Saved entries
'''
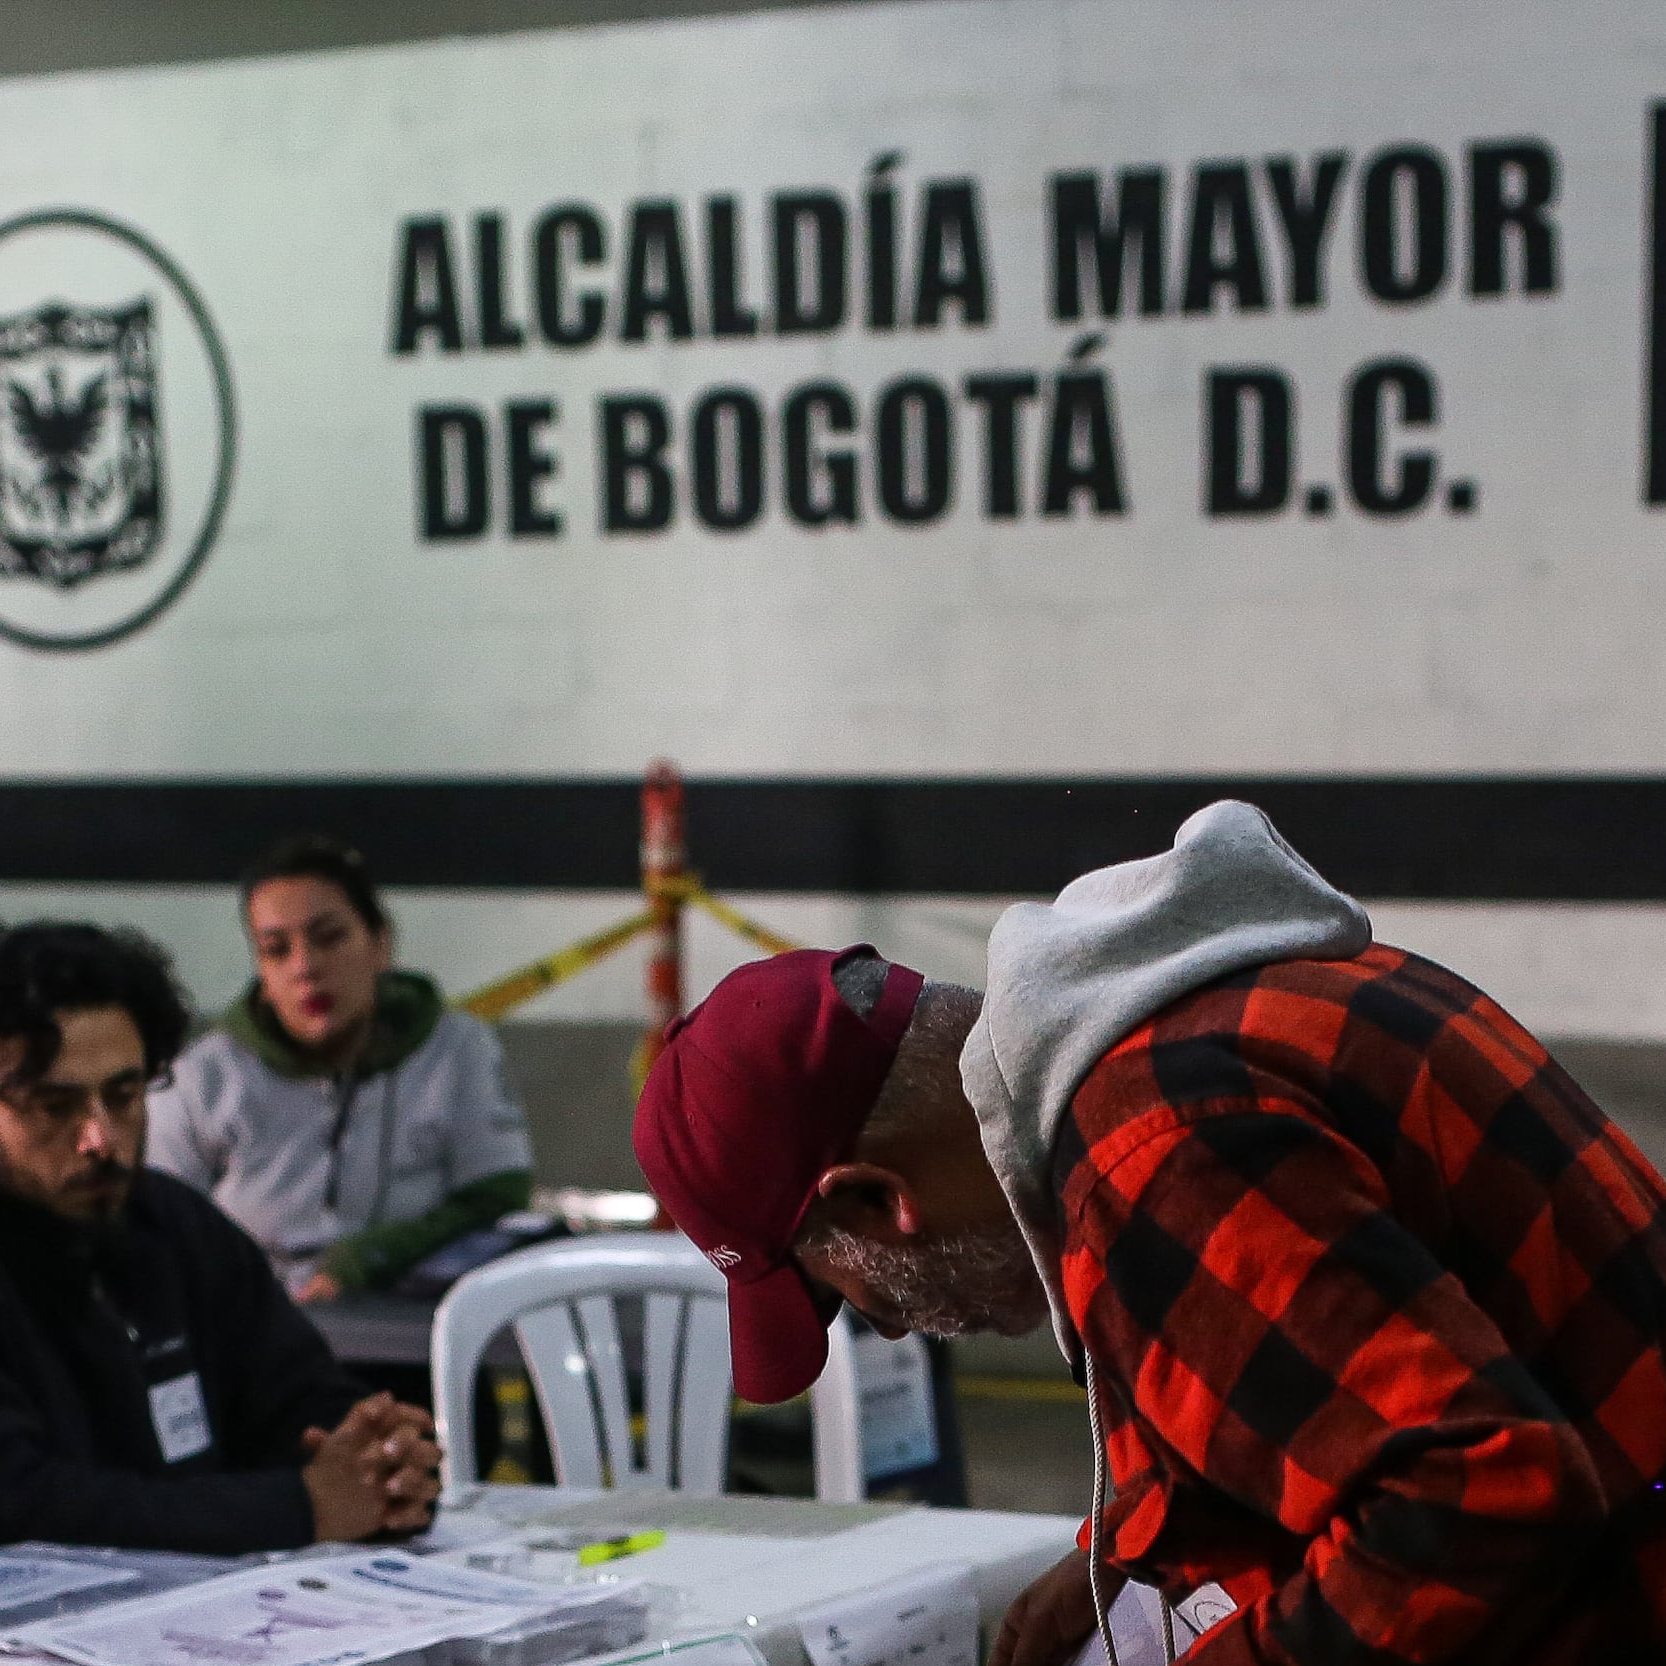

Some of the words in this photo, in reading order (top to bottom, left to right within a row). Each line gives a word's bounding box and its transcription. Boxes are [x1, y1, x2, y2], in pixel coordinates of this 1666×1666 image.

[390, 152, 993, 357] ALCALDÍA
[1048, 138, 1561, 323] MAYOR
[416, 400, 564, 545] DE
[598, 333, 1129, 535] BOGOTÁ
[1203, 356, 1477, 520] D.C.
'''
• [DESCRIPTION OF THE TASK]: Copy all of the data word for word, and keep the pictures out of it.

• [ANSWER SECTION]:
Some of the words in this photo, in reading order (top to bottom, left to right within a row). Each line gives a word's bounding box and its transcription. Boxes are [x1, y1, x2, y2], in pixel coordinates of this 1666×1666 image.

[390, 152, 993, 357] ALCALDÍA
[1048, 138, 1561, 323] MAYOR
[416, 400, 564, 545] DE
[598, 333, 1129, 535] BOGOTÁ
[1203, 356, 1477, 520] D.C.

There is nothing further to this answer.